Starting a company is equal parts thrilling and daunting.

As someone who has navigated the complex landscape of entrepreneurship and raised $125 million from top venture investors to build my company, I often reflect on the lessons I’ve learned along the way.

Rob Biederman of Asymmetric Capital Partners

I now run my own venture capital firm, Asymmetric Capital Partners, where we’ve made 83 investments in early-stage companies.

Reflecting on my own founder experience as well as lessons learned from watching Asymmetric’s founding teams, here are four insights I wish I’d known when I embarked on this path, and that I believe are essential considerations for founders today.

No. 1: Be thoughtful about capital allocation

Money makes the world go round, especially in the startup universe. It’s like fuel for your rocket ship. Too little and you won’t even leave the ground; too much and you might burn out before reaching orbit — or not own very much of the rocket ship when you actually achieve escape velocity.

Raising capital is one of the most pivotal aspects of building a startup. It’s crucial to secure enough funding to drive your vision forward and provide a runway that won’t stress your execution capabilities.

But raising too large a round at too high a valuation can have negative consequences that founders often overlook, including unnecessary dilution of your ownership stake and the negative signal risk of an excessively high bar to overcome when raising a subsequent round.
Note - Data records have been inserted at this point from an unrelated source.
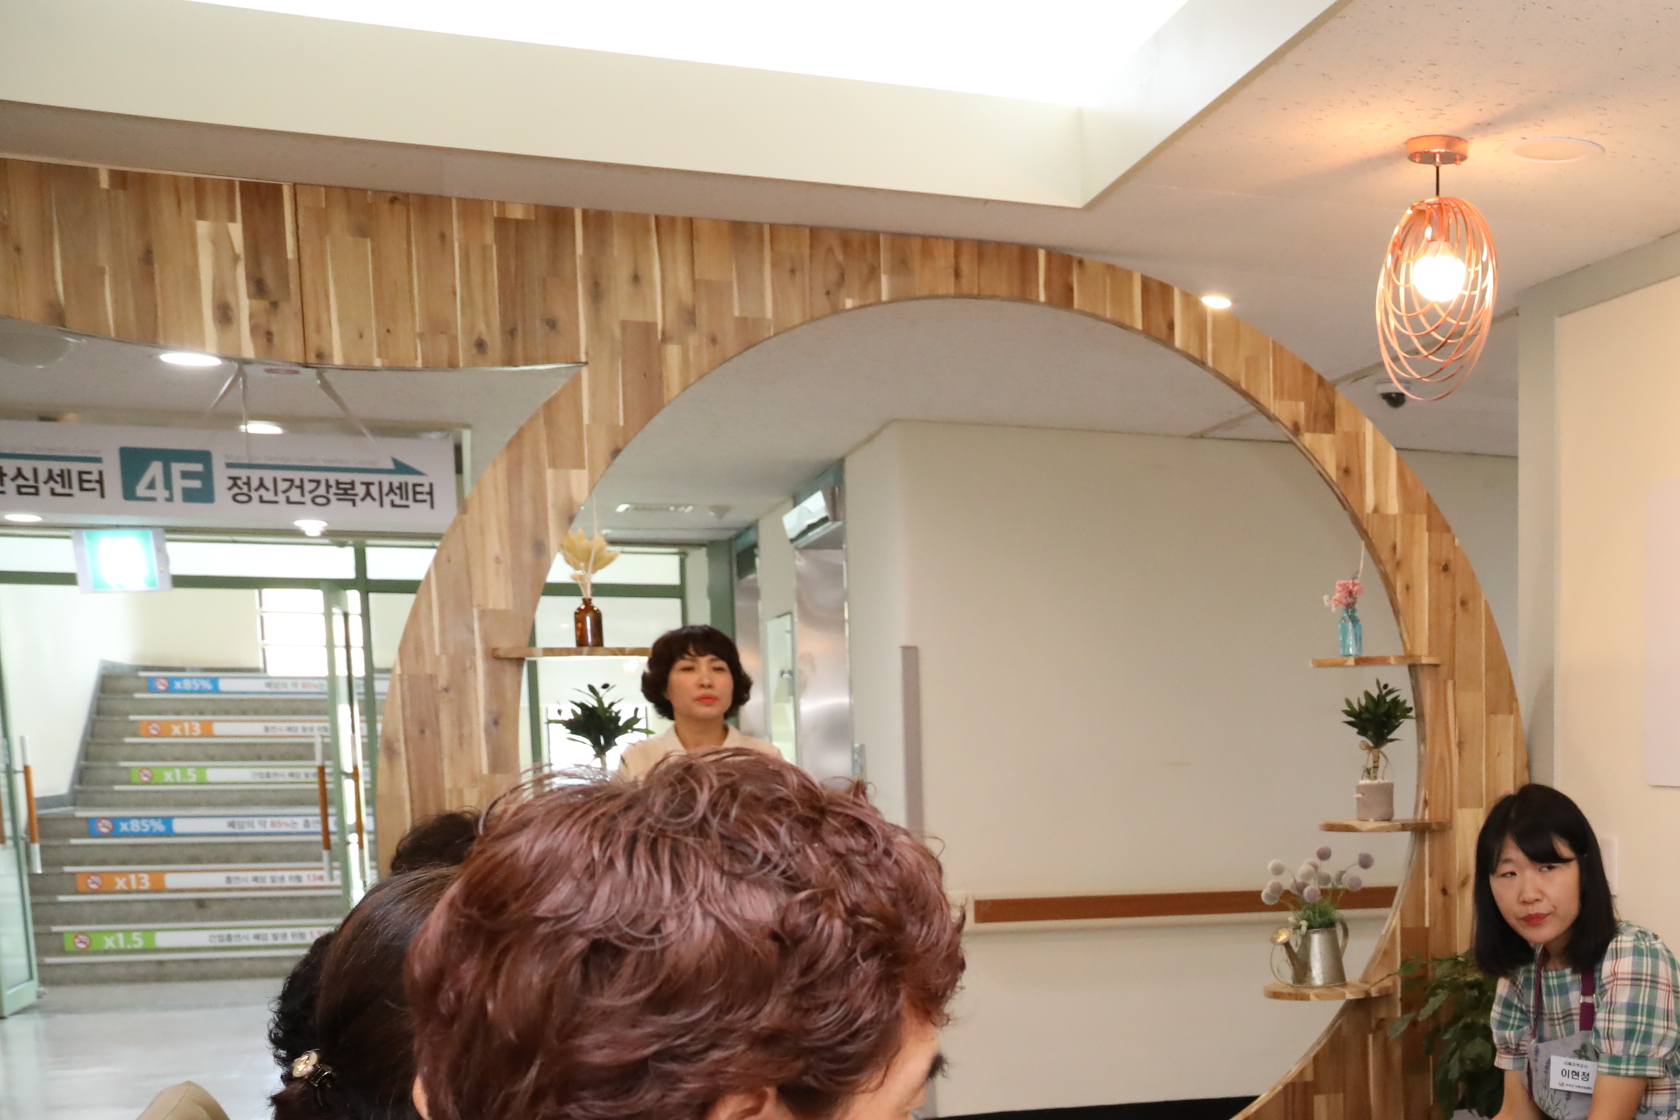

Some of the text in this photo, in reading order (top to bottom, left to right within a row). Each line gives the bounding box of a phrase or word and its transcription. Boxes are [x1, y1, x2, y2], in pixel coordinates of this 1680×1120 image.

[135, 460, 204, 502] 4F
[226, 475, 435, 509] 정신건강복지센터
[114, 873, 150, 890] x13
[103, 932, 144, 949] x1.5
[1560, 1068, 1590, 1082] 이현정
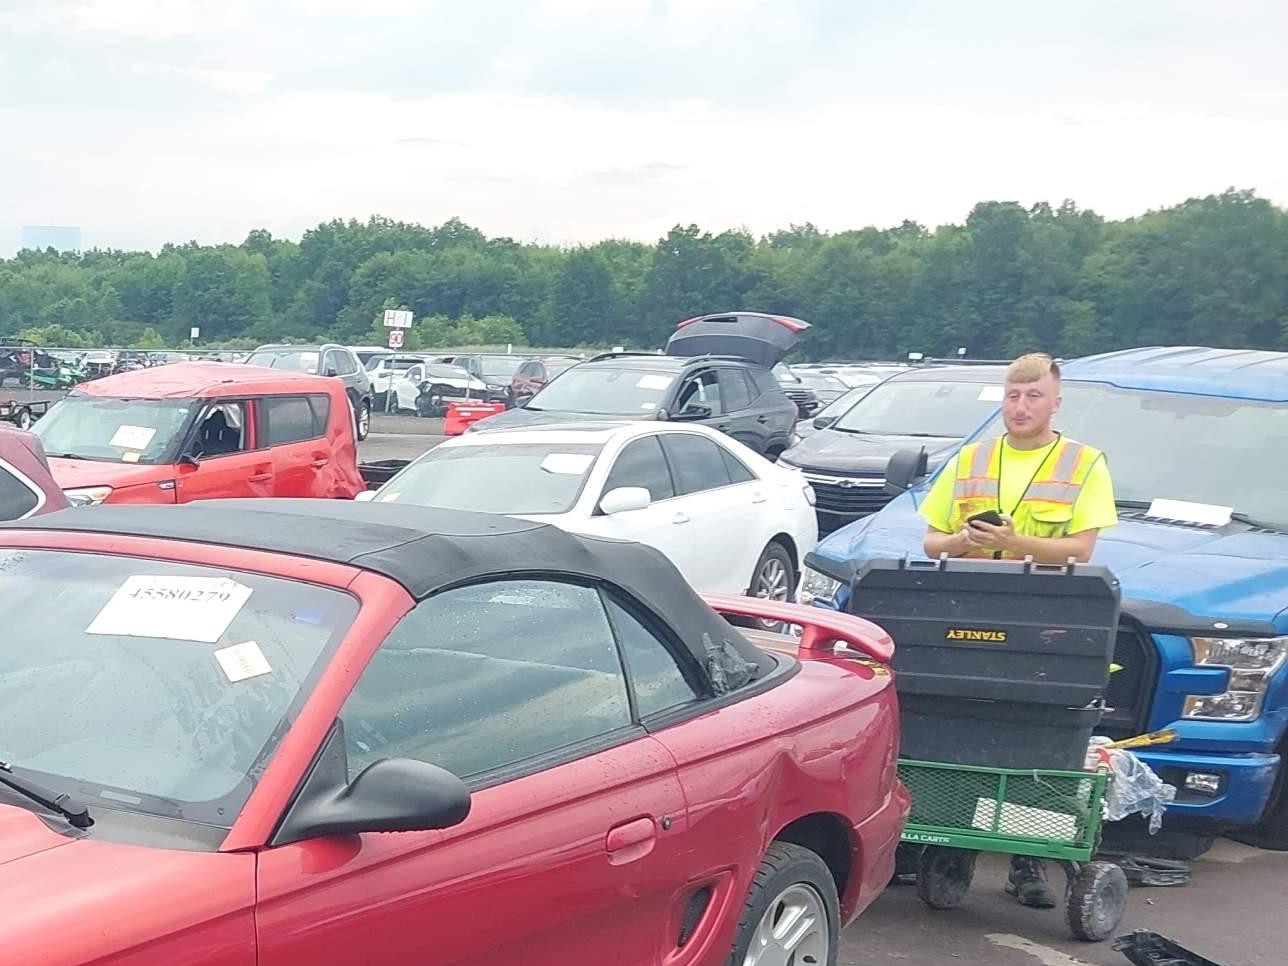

Adequate capital allocation allows for flexibility and resilience, giving you the breathing room to iterate on your product and strategy without the constant pressure of imminent financial constraints.

Pace and timing of deployment is also a critical consideration.

No. 2: Conduct experiments at a manageable scale

Experimentation is the cornerstone of innovation, but it’s important to do it in a measured way that doesn’t cause too much internal turbulence or drain your budget.

You don’t need to hire an army of salespeople to test a new market. Start small, be nimble. Instead of launching massive go-to-market strategies or hiring hundreds of employees right out of the gate, focus on smaller, more controlled experiments.

Start by hiring one or two key individuals who can help validate your hypotheses. This approach minimizes risk and allows you to pivot quickly based on the insights gained from these initial efforts.

Remember, it’s easier to steer a kayak than a cruise ship.

No. 3: Focus intensely on product-market fit

You can have the most compelling product in the world, but if it doesn’t solve a real problem for real customers, you’re not going to make it.

Understanding and achieving product-market fit is the most critical milestone for any startup. It’s not just about listening to what your customers say, but also about analyzing their behaviors to understand their true needs.

Many founders highlight early positive feedback from customers in their pitches, but it’s essential to ensure that these customers fall within your ideal customer profile and that they have a compelling economic reason to use your product consistently.

Superficial validation can be misleading. Deep, analytical understanding is key.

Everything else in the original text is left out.